The Association’s honorees were selected by the board of directors and staff earlier this year for their contributions to growing awareness and markets for Missouri-grown soybeans. The honorees included:
- Cindy Faulkner of New Madrid, Mo. for her support of the Missouri Soybean Association and advocacy efforts in southeast Missouri and statewide. Faulkner served on the Missouri Soybean Association board of directors for 14 years, before retiring earlier this year. She and her husband Rick farm in New Madrid County, raising soybeans, corn and cotton.
- Cliff Smith of Biofuels, LLC in Mexico, Mo. for his contributions to Missouri’s growing biodiesel industry. Smith serves as the plant manager for one of Missouri’s highest-volume biodiesel plants and is a spokesperson for biodiesel at the state and national levels.
- Darrin Peters of Fenton, Mo. for his work with the Rockwood Summit High School biodiesel program. Peters teaches high school chemistry and advises the students working to process and test their own biodiesel. He was instrumental in the development and construction of the school’s new building for the biodiesel program and continues to share his enthusiasm for bringing classroom education and real-world examples together for students daily.
The Missouri Soybean Association annual meeting also included a breakfast and a keynote address by Missouri Attorney General Chris Koster, followed by a brief business meeting and review of the Association’s resolutions.

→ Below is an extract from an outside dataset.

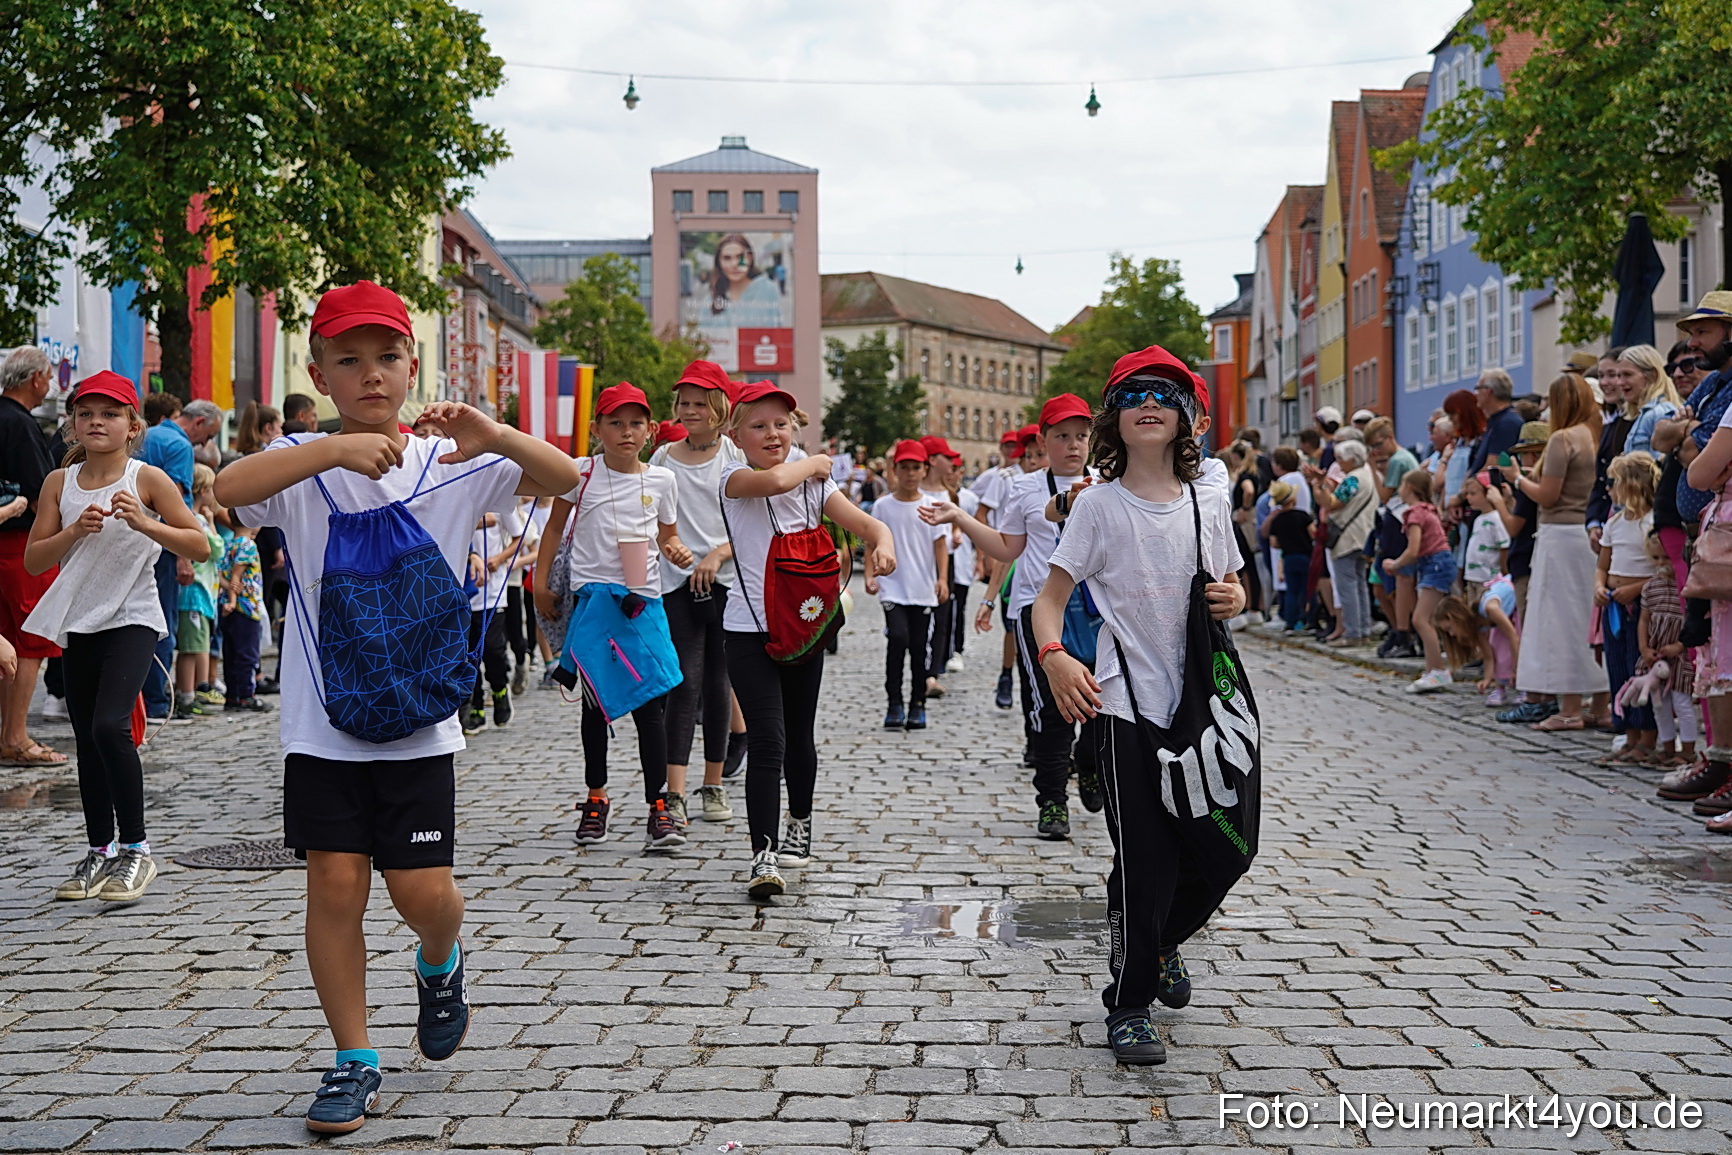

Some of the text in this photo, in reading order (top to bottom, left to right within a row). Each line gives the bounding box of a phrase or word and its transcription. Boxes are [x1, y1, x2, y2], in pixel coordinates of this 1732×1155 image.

[410, 830, 442, 843] JAKO
[1110, 910, 1124, 970] hummel
[436, 989, 453, 999] LICO

Following the Attorney General’s remarks, Missouri soybean farmers then headed to the Capitol for personal visits with their legislators to discuss the priorities set earlier in the day. Those priorities included advocating for support for Missouri’s biodiesel industry and the Missouri Biodiesel Producer Incentive Fund, a bill addressing harvest weight limits for trucks hauling grain in Missouri, and funding for soybean-related research.
In addition to those activities, the Missouri Soybean Merchandising Council hosted an open lunch in the Capitol’s 3rd floor rotunda. That event, which featured bbq from Zardas of Kansas City, focused on the impact biodiesel has on Missouri’s economy, rural communities and farm families. Missouri soybean growers and biodiesel plant staff and leaders were on hand to discuss the renewable fuel.
The growers’ biodiesel discussion included the latest production numbers, showing that Missouri produced nearly 200 million gallons of the renewable fuel in 2014, and that nationwide, the biodiesel industry is credited with providing for more than 62,000 jobs. Missouri’s biodiesel production uses the oil from more than 50,000 bushels of soybeans, providing additional demand for Missouri-grown beans.
The Missouri Soybean Association’s annual meeting is one of many opportunities for growers and legislators to connect throughout the year. To learn more about how the Missouri Soybean Association works to increase the profitability of Missouri soybean farmers through advocacy and education efforts across the state. To learn more, visit Missouri Soybeans online at mosoy.org.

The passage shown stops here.